Das ist bemerkenswert konsequent. Doch können die Jungs vom Wuhlesyndikat auch gar nicht anders. Sie sind Ultras, müssen, um sich treu zu bleiben, personalisierte Tickets und den Zwang zur Abstandsregel ablehnen, müssen sich zudem solidarisch zeigen mit den Ultras anderer Klubs, die vor dem Saisonstart der höchsten deutschen Spielklasse reihum ähnliche Überzeugungen postuliert haben wie die Jungs vom Wuhlesyndikat.

Dieses Ganz-oder-gar-Nicht ist für die Klubs selbst und damit auch für den Ligaverband (DFL) natürlich keine Option. Schon einer ist besser als keiner, lautet hier nicht nur aus wirtschaftlichen Nöten die Maxime, die man – der eine Verein freilich offensiver als der andere – nun schon seit Wochen, ja Monaten verfolgt und damit im europäischen Klubfußball eine viel beachtete Vorreiterrolle eingenommen hat. Die Tribünen müssen wieder gefüllt werden, Schritt für Schritt, auch auf die Gefahr hin, dass eine nur sporadisch gefüllte Fankurve wie die legendäre Gelbe Wand im Dortmunder Westfalenstadion, die Waldseite im Stadion An der Alten Försterei oder die Ostkurve im Berliner Olympiastadion womöglich noch gespenstischer wirkt als eine total verwaiste. Leben und Leidenschaft müssen wieder ins Rund, weil den Verantwortlichen natürlich bewusst ist, dass der Fußball nicht auf Dauer ein Fernseh- beziehungsweise Streamingdienst-Sport sein darf. Im Besonderen wenn dies auch noch eine kostspielige Angelegenheit ist. Denn wer macht da auf lange Sicht mit, wenn man Fußball nicht im Kollektiv fühlen und spüren kann? Wenn man gleich mehrere Abonnements abschließen muss, um zumindest vorm Bildschirm live dabei sein zu können?
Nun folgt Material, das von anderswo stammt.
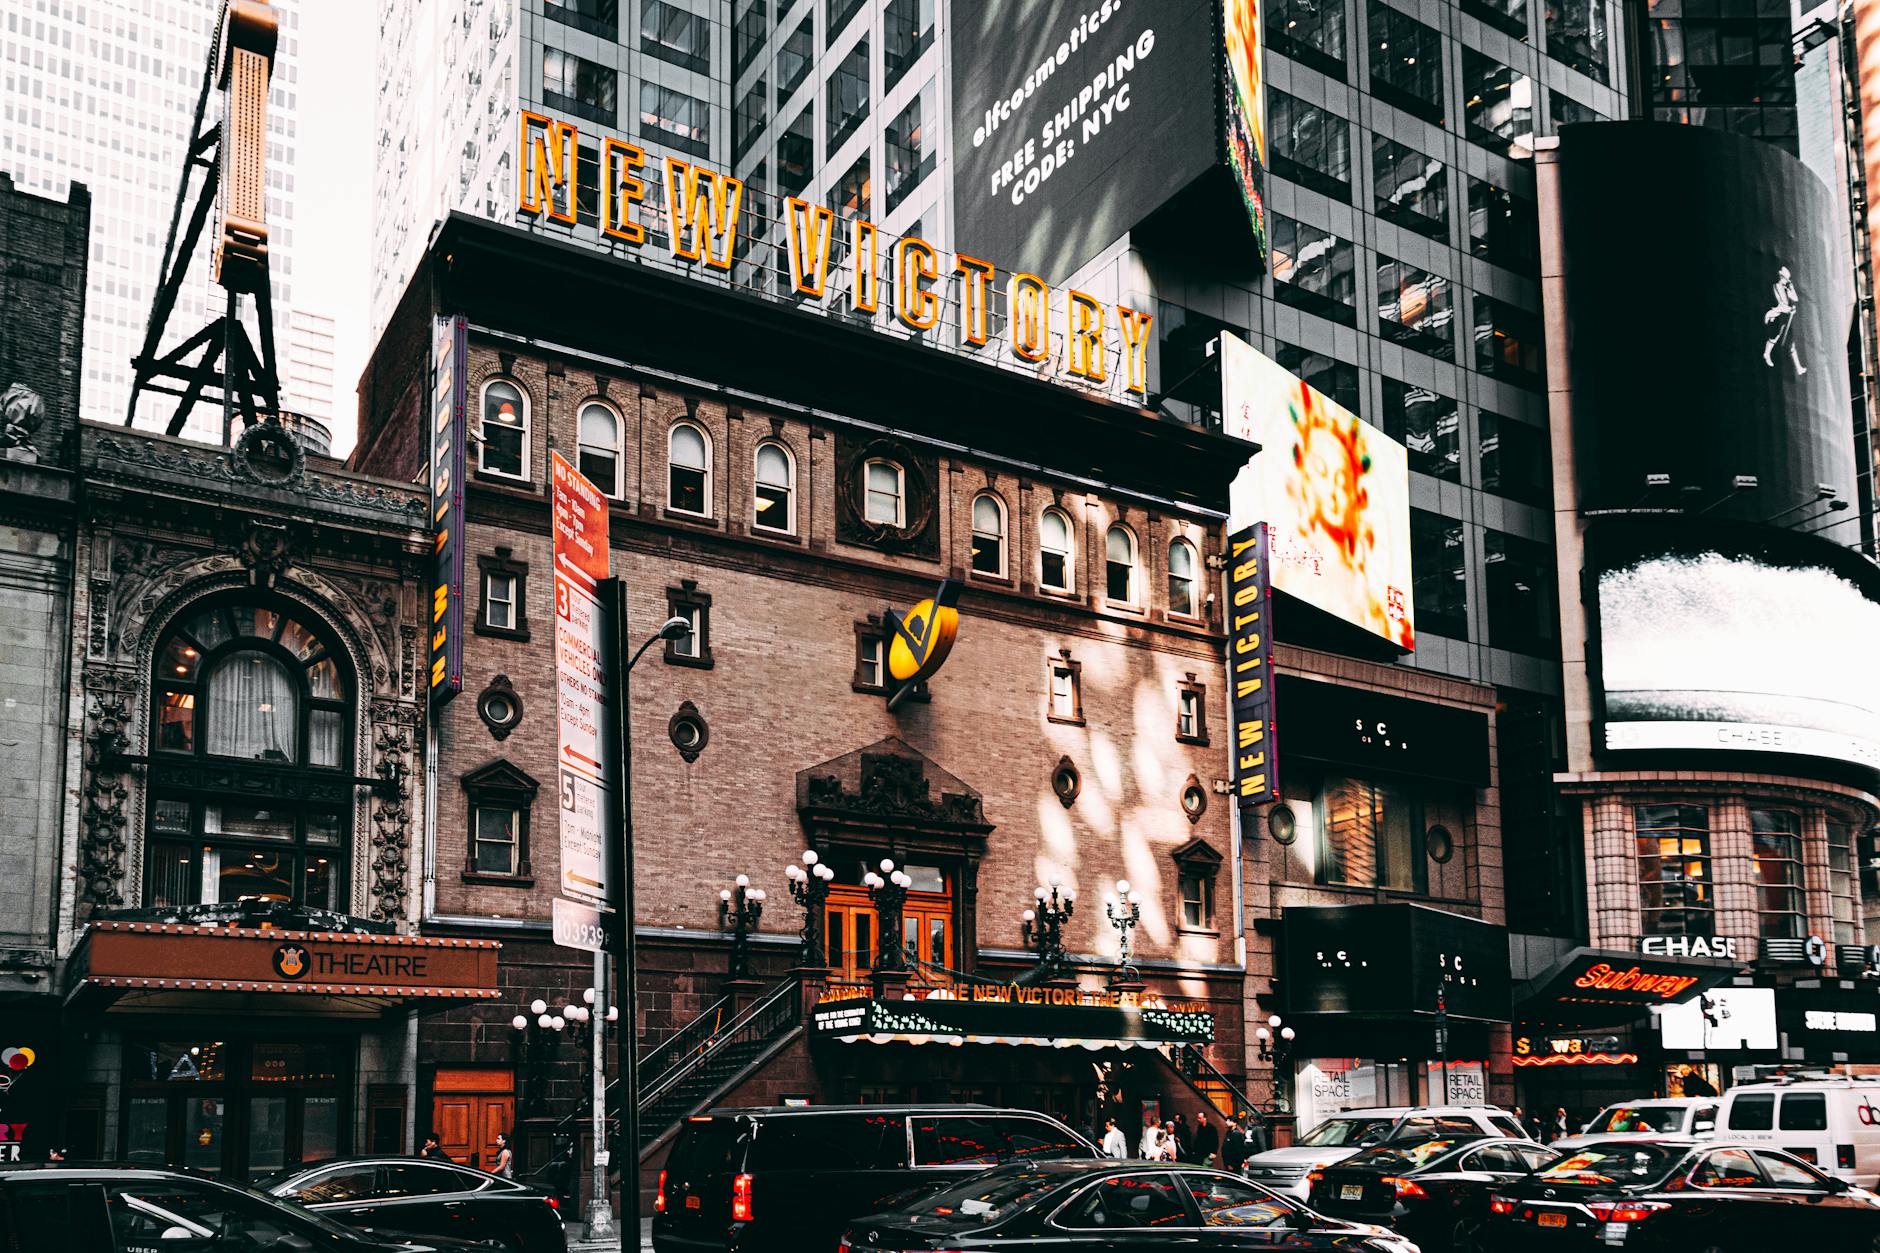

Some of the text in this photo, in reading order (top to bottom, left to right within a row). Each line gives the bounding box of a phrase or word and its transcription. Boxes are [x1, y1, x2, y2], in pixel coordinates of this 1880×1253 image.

Dahingehend haben diejenigen, die sich mit einer wilden Entschlossenheit und teils mit einem mutigen und letztlich vielleicht auch wegweisendem Konzept für eine Rückkehr der Fans eingesetzt haben, nun einen wichtigen Teilerfolg erzielt. Seit Dienstag ist es den Profiklubs in Deutschland nämlich per flächendeckendem Beschluss der Länder erlaubt, ihre Arenen in einer sechswöchigen Testphase bei einer Auslastungsgrenze von maximal 20 Prozent mit Zuschauern zu füllen. Was im speziellen Fall des 1. FC Union allerdings ein Dilemma zur Konsequenz hat. Denn bei 20 Prozent kommen die Eisernen gerade mal auf 4400 Zuschauer, während in Berlin derzeit Großveranstaltungen mit bis zu 5000 Personen zulässig sind. Die Köpenicker haben ihre Absicht, am Sonnabend auf die in der Hauptstadt geltenden Regeln zurückzugreifen, bereits kundgetan. Ein kleines Stadion mit hohem Stehplatzanteil als Nachteil – das geht einfach nicht. Das ist unfair.

Grundsätzlich lässt die soeben geschilderte Divergenz zwischen dem Unwillen der leidenschaftlichsten Supporter und dem Willen der Verantwortlichen im Zusammenhang mit den aktuellen Rahmenbedingungen für den Spielbetrieb im Moment aber nur einen Schluss zu: Die Bundesliga startet in ihre bis dato wohl aufregendste Spielzeit. Weil der Ausgang nicht nur aus sportlicher Sicht total offen ist. Weil nicht nur zählt, was auf dem Platz ist, sondern womöglich auch die Entwicklung der Infektionszahlen entscheidenden Einfluss auf den Verlauf der Spielzeit hat. So viel ist jedenfalls klar: Eine weitere, vielleicht sogar längere Phase mit Geisterspielen würde dem Profifußball einen erheblichen Schaden zufügen. Einen Schaden, der zwar erst mal durch den hoch dotierten Medienrechtevertrag eine Absicherung erfahren würde. Aber Geld, das hat die Corona-Krise uns gelehrt, ist langfristig eben nicht alles.